TO DO:
Copy the whole listing below exactly.

DATA TO PROCESS:

+ + +

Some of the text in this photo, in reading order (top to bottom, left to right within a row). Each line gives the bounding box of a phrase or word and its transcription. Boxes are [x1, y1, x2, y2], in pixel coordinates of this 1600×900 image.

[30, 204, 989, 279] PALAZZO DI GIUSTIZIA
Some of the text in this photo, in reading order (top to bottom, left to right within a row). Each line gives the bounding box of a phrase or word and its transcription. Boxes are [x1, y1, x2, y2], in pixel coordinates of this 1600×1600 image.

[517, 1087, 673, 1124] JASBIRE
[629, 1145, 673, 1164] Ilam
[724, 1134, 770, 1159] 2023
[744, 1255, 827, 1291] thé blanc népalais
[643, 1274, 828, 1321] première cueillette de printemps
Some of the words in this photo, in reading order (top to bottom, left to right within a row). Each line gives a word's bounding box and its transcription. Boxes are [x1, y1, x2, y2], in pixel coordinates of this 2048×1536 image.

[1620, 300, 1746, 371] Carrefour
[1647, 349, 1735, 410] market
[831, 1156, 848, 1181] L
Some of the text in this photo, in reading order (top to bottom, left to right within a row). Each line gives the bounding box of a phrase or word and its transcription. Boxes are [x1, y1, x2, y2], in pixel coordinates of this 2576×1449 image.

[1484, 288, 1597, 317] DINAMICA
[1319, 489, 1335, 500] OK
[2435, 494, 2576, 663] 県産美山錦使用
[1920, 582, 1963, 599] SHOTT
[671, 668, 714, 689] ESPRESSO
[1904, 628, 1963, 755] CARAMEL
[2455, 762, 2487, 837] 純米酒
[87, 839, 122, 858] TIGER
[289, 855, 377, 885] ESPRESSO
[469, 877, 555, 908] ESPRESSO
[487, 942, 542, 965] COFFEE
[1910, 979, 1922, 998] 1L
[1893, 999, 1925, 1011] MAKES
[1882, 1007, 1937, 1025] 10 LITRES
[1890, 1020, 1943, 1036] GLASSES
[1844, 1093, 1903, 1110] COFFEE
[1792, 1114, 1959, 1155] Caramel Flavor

+ + +

RESULT OF THE TASK:
Some of the text in this photo, in reading order (top to bottom, left to right within a row). Each line gives the bounding box of a phrase or word and its transcription. Boxes are [x1, y1, x2, y2], in pixel coordinates of this 1600×900 image.

[30, 204, 989, 279] PALAZZO DI GIUSTIZIA
Some of the text in this photo, in reading order (top to bottom, left to right within a row). Each line gives the bounding box of a phrase or word and its transcription. Boxes are [x1, y1, x2, y2], in pixel coordinates of this 1600×1600 image.

[517, 1087, 673, 1124] JASBIRE
[629, 1145, 673, 1164] Ilam
[724, 1134, 770, 1159] 2023
[744, 1255, 827, 1291] thé blanc népalais
[643, 1274, 828, 1321] première cueillette de printemps
Some of the words in this photo, in reading order (top to bottom, left to right within a row). Each line gives a word's bounding box and its transcription. Boxes are [x1, y1, x2, y2], in pixel coordinates of this 2048×1536 image.

[1620, 300, 1746, 371] Carrefour
[1647, 349, 1735, 410] market
[831, 1156, 848, 1181] L
Some of the text in this photo, in reading order (top to bottom, left to right within a row). Each line gives the bounding box of a phrase or word and its transcription. Boxes are [x1, y1, x2, y2], in pixel coordinates of this 2576×1449 image.

[1484, 288, 1597, 317] DINAMICA
[1319, 489, 1335, 500] OK
[2435, 494, 2576, 663] 県産美山錦使用
[1920, 582, 1963, 599] SHOTT
[671, 668, 714, 689] ESPRESSO
[1904, 628, 1963, 755] CARAMEL
[2455, 762, 2487, 837] 純米酒
[87, 839, 122, 858] TIGER
[289, 855, 377, 885] ESPRESSO
[469, 877, 555, 908] ESPRESSO
[487, 942, 542, 965] COFFEE
[1910, 979, 1922, 998] 1L
[1893, 999, 1925, 1011] MAKES
[1882, 1007, 1937, 1025] 10 LITRES
[1890, 1020, 1943, 1036] GLASSES
[1844, 1093, 1903, 1110] COFFEE
[1792, 1114, 1959, 1155] Caramel Flavor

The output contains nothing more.